God wants me to be aware, awake, and alive. Responsive.

It takes two hours to make a packed block of sand. By the time I was finished with that I was a lot more awake than I'd been at the start of the day, and the sculpture turned out to be very good. God doesn't get involved with the design directly, but He does make me a better thinker. Better able to keep track of the various elements of the design and fit them into the whole piece.

As we sat in that noisy church, mildly post-sculptural, I asked God to help these people see their way out of the automatic responses they were making on the preacher's cues. When many of them responded to the altar call I prayed that God would reveal His wonderfully detailed reality to them, that they'd see beyond the noise and flashy lights to God's idea of life.

Thursday, September 16, 2004

 

What's Important?

Continuing yesterday's theme...

There are always choices. Vanilla Swiss Almond, or Hazelnut Supreme? Anchovies, or none? Live for God or live for self?
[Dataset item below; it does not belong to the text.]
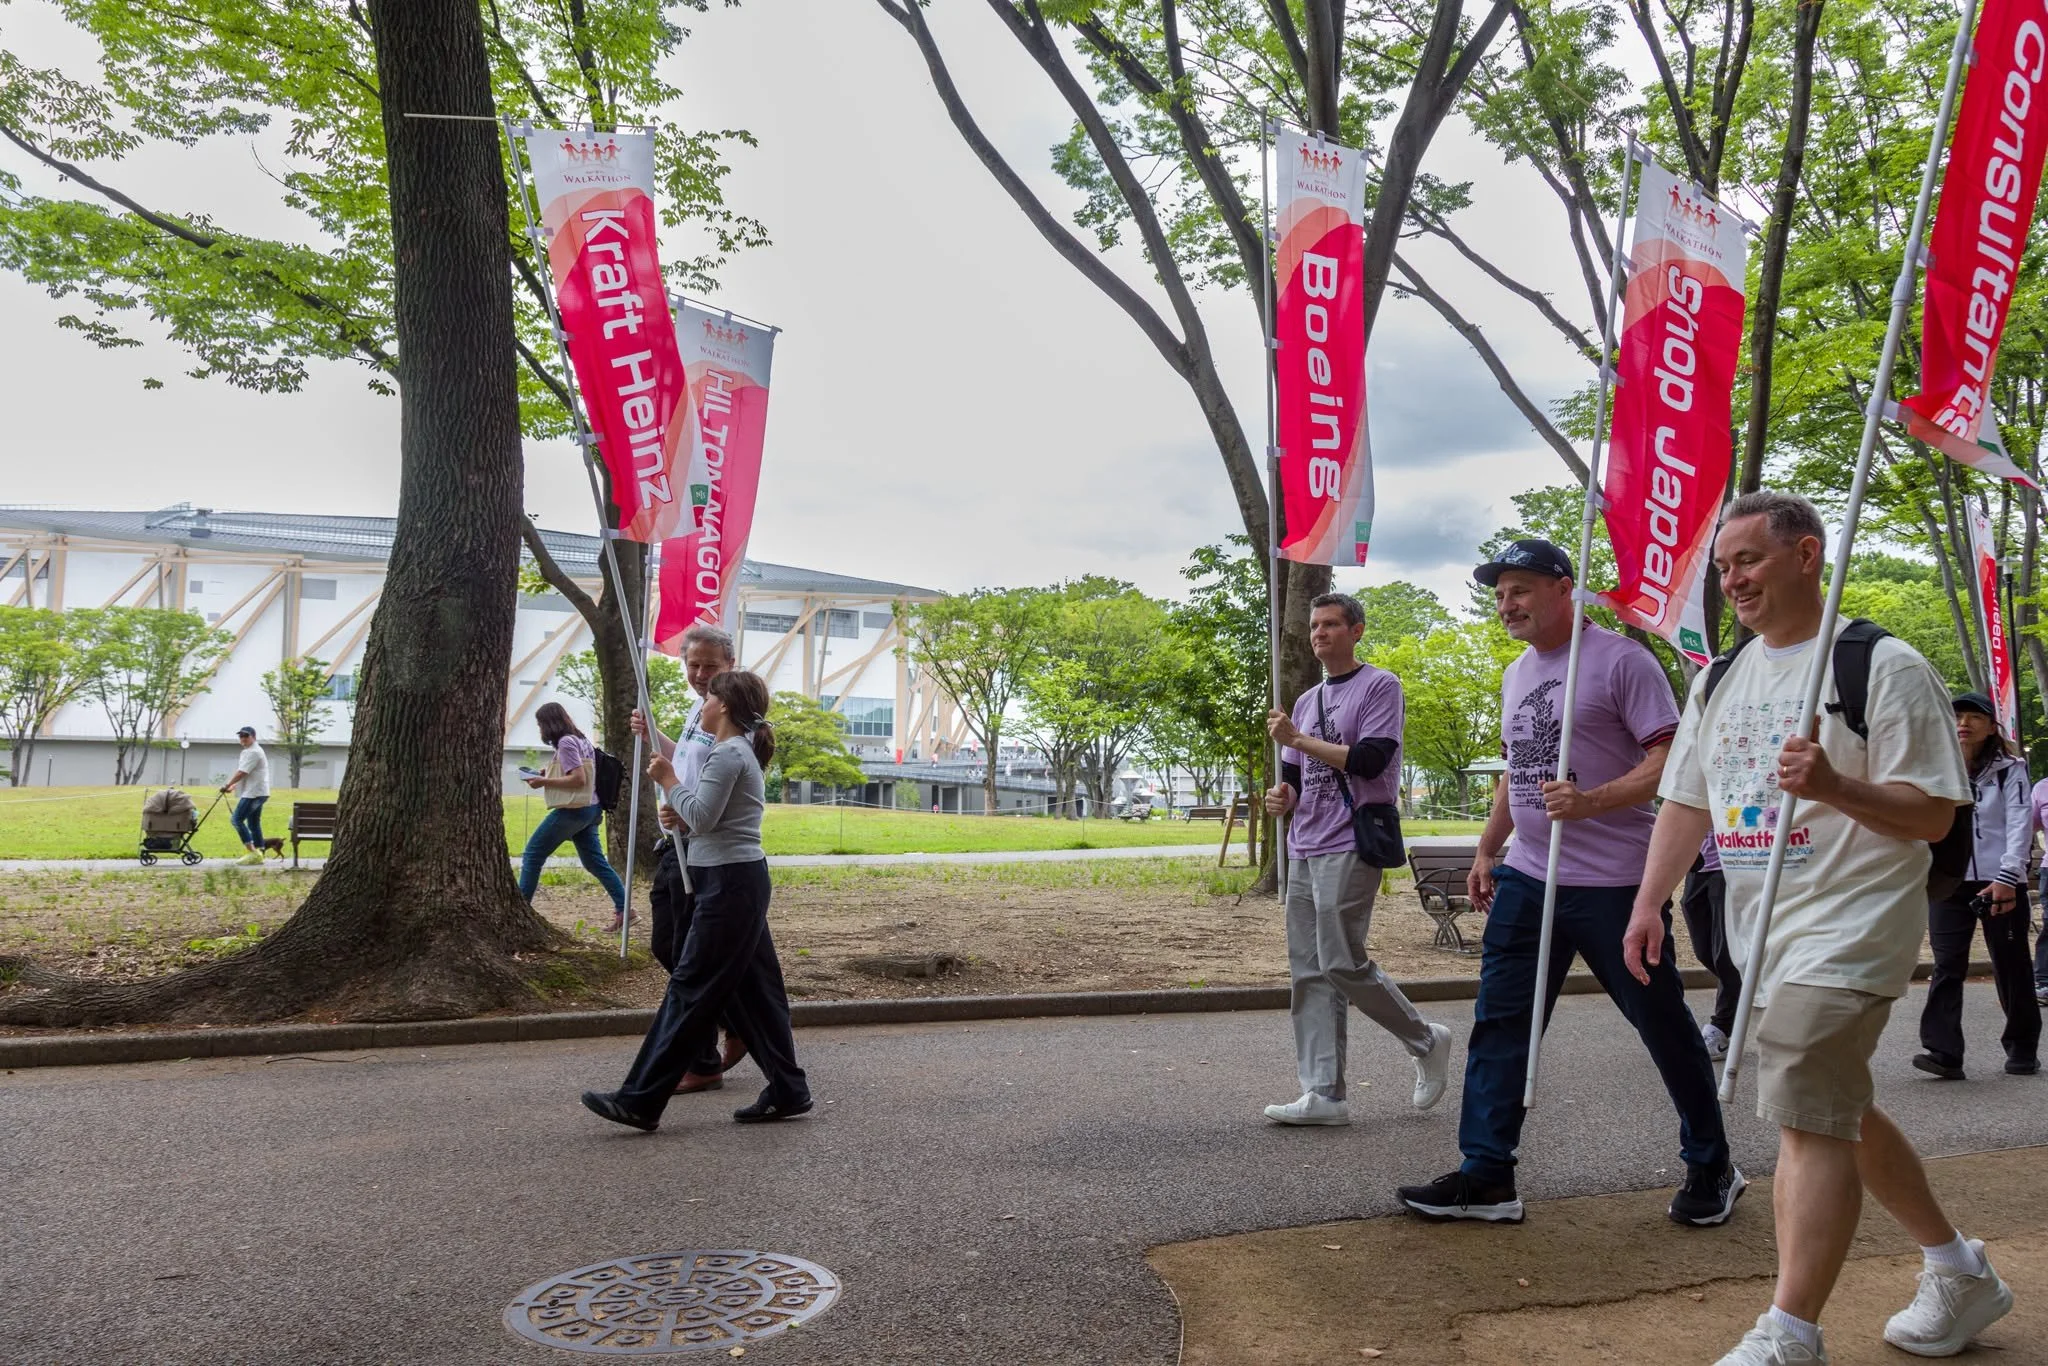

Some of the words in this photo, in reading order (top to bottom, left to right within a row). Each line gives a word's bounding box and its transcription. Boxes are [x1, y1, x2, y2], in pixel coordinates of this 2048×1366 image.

I never knew what to live for. So, I decided I was going to remake the world. My family and the people around us seemed to know nothing but a sort of automatic approach to relationships with other people. All these rules to observe. They seemed unnecessary to me, but it's hard to break the established habits of others. I tried to change myself so I could more flexibly make connections with people.

It didn't work. Oh, I had the right idea but also had limits. Growing up amid a group of highly rational people, I naturally tried to solve the problem of relationships through rational process. Figure out the problem, come up with a solution, test it and reiterate until success comes along. Simple, right? It worked for Edison, it worked for the Wright brothers, it'll work for me.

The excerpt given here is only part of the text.